Contact the U.S. Federal Trade Commission

If you detect any unauthorized transactions in any of your financial accounts, promptly notify the appropriate payment card company or financial institution.  If you detect any incidents of identity theft or fraud, promptly report the matter to your local law enforcement authorities, state Attorney General and the FTC.

You can contact the FTC to learn more about how to protect yourself from becoming a victim of identity theft by using the contact information below:

Federal Trade Commission

Consumer Response Center

600 Pennsylvania Avenue, NW

Washington, DC 20580

1-877-IDTHEFT (438-4338)

www.ftc.gov/idtheft/

 

Place Fraud Alerts with the Three Credit Bureaus. If you choose to place a fraud alert, we recommend you do this after activating your credit monitoring.
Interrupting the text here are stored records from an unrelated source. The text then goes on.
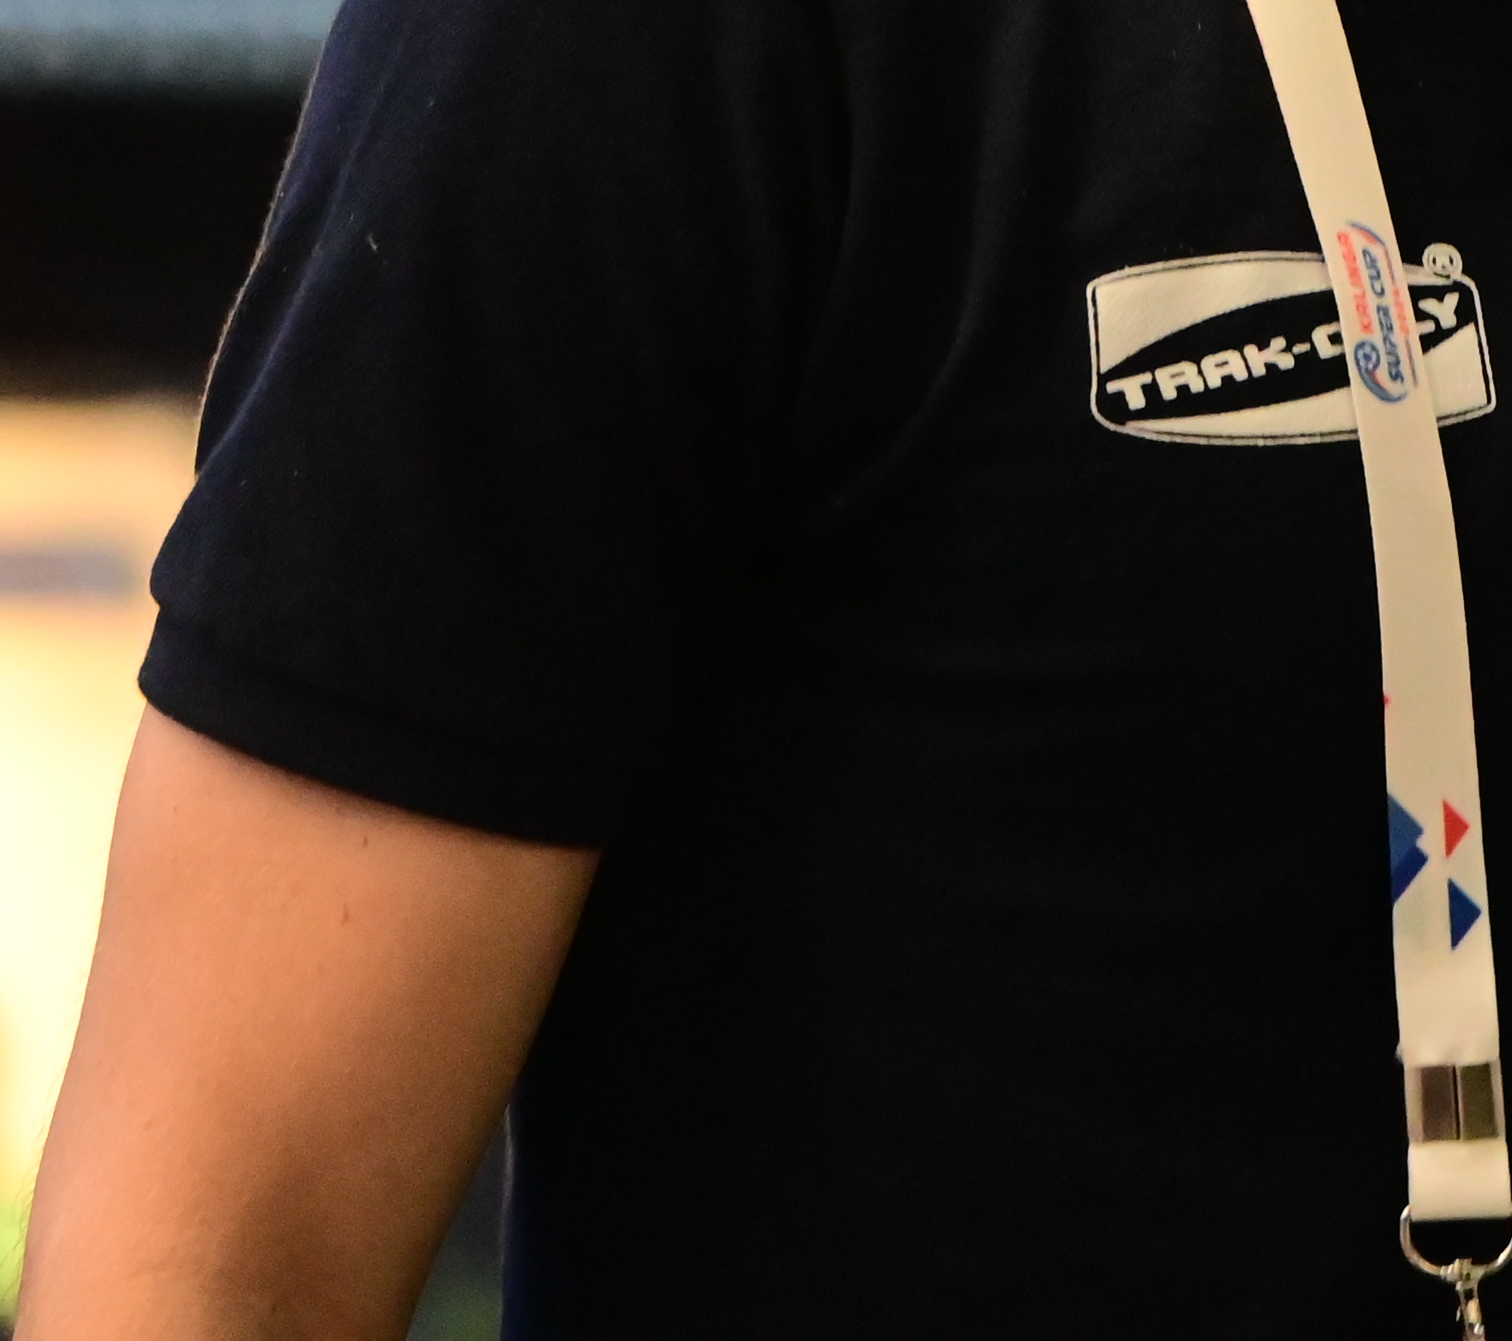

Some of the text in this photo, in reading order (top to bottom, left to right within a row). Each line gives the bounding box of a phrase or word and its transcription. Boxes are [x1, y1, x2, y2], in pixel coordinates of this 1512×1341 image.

[1362, 246, 1386, 299] CUP
[1106, 291, 1461, 412] TRAK-OY
[1377, 303, 1405, 385] SUPER
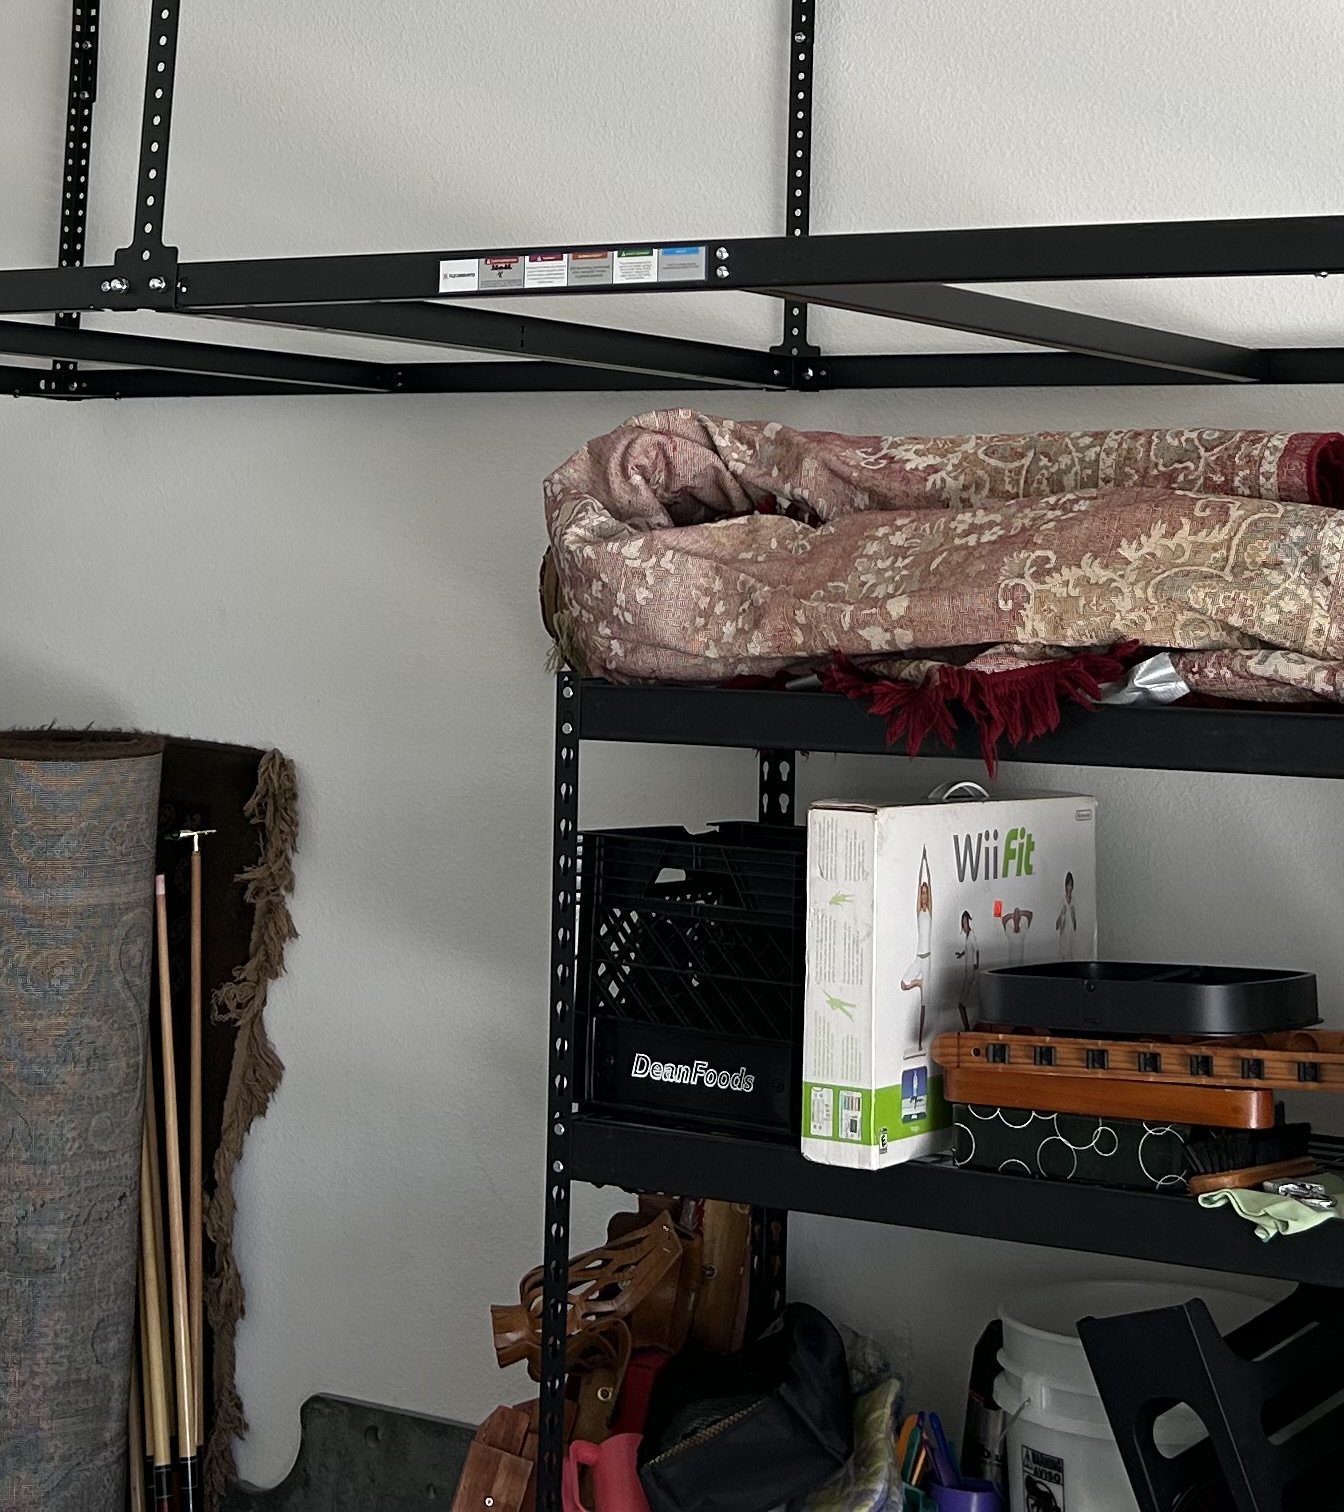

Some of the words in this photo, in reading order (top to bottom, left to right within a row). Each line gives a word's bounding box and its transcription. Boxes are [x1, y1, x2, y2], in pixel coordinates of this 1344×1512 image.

[953, 829, 999, 883] Wii
[1002, 827, 1036, 879] Fit
[631, 1052, 756, 1093] DeanFoods
[1034, 1467, 1061, 1484] AVISO
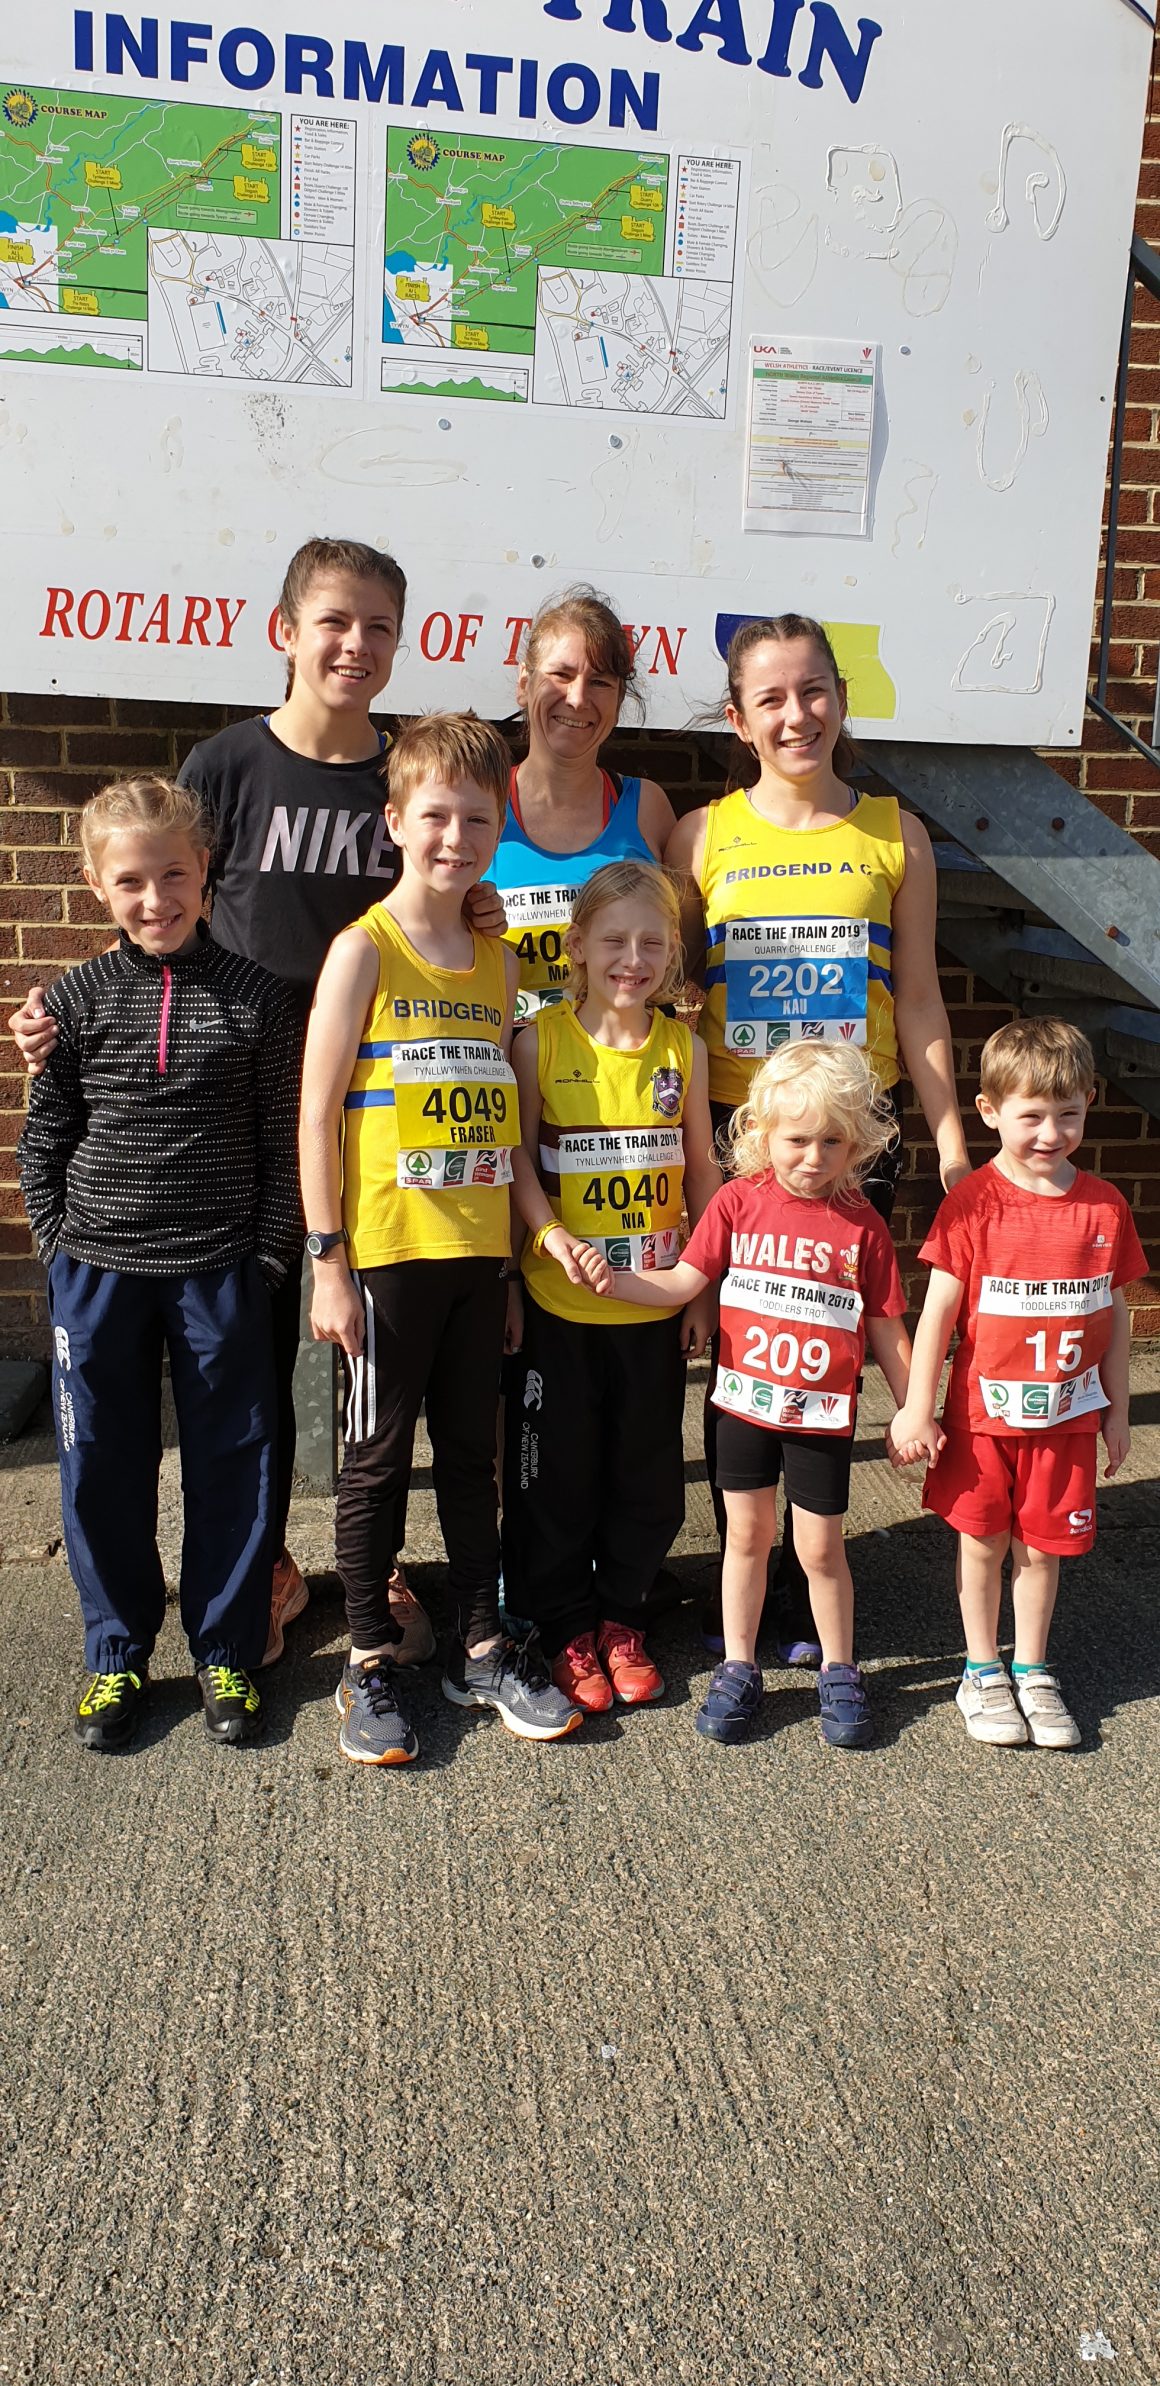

You can place a fraud alert at one of the three major credit bureaus by phone and also via Experian’s or Equifax’s website. A fraud alert tells creditors to follow certain procedures, including contacting you, before they open any new accounts or change your existing accounts. For that reason, placing a fraud alert can protect you, but also may delay you when you seek to obtain credit. The contact information for all three bureaus is as follows:

Credit Bureaus

Equifax Fraud Reporting 1-866-349-5191 P.O. Box 105069 Atlanta, GA 30348-5069 www.equifax.com

Experian Fraud Reporting 1-888-397-3742 P.O. Box 9554 Allen, TX 75013 www.experian.com

TransUnion Fraud Reporting 1-800-680-7289 P.O. Box 2000 Chester, PA 19022-2000 www.transunion.com

 

It is necessary to contact only ONE of these bureaus and use only ONE of these methods. As soon as one of the three bureaus confirms your fraud alert, the others are notified to place alerts on their records as well. You will receive confirmation letters in the mail and will then be able to order all three credit reports, free of charge, for your review. An initial fraud alert will last for one year.

Please Note: No one is allowed to place a fraud alert on your credit report except you.

Security Freeze. By placing a security freeze, someone who fraudulently acquires your personal identifying information will not be able to use that information to open new accounts or borrow money in your name. You will need to contact the three national credit reporting bureaus listed above to place the freeze. Keep in mind that when you place the freeze, you will not be able to borrow money, obtain instant credit, or get a new credit card until you temporarily lift or permanently remove the freeze. There is no cost to freeze or unfreeze your credit files. This can be accomplished by contacting the credit bureaus listed below:

Equifax Security Freeze	P.O. Box 105788 Atlanta, GA 30348	1-800-685-1111	www.equifax.com
Experian Security Freeze	P.O. Box 9554 Allen, TX 75013	1-888-397-3742	www.experian.com
TransUnion	P.O. Box 160 Woodlyn, PA 19094	1-888-909-8872	www.transunion.com

 

Additional Information. You can obtain additional information about the steps you can take to avoid identity theft from the following agencies. The Federal Trade Commission also encourages those who discover that their information has been misused to file a complaint with them.

Massachusetts	You have the right to obtain a police report with respect to this incident.  If you are the victim of identity theft, you also have the right to file a police report and obtain a copy of it.
New York	You may also obtain information about security breach response and identity theft prevention and protection from the New York Attorney General’s Office: Office of the Attorney General, The Capitol, Albany, NY 12224-0341, 1-800-771-7755, www.ag.ny.gov.
North Carolina	You may also obtain information about preventing and avoiding identity theft from the North Carolina Attorney General’s Office: North Carolina Attorney General’s Office, Consumer Protection Division, 9001 Mail Service Center, Raleigh, NC 27699-9001, 1-919-716-6000, www.ncdoj.gov.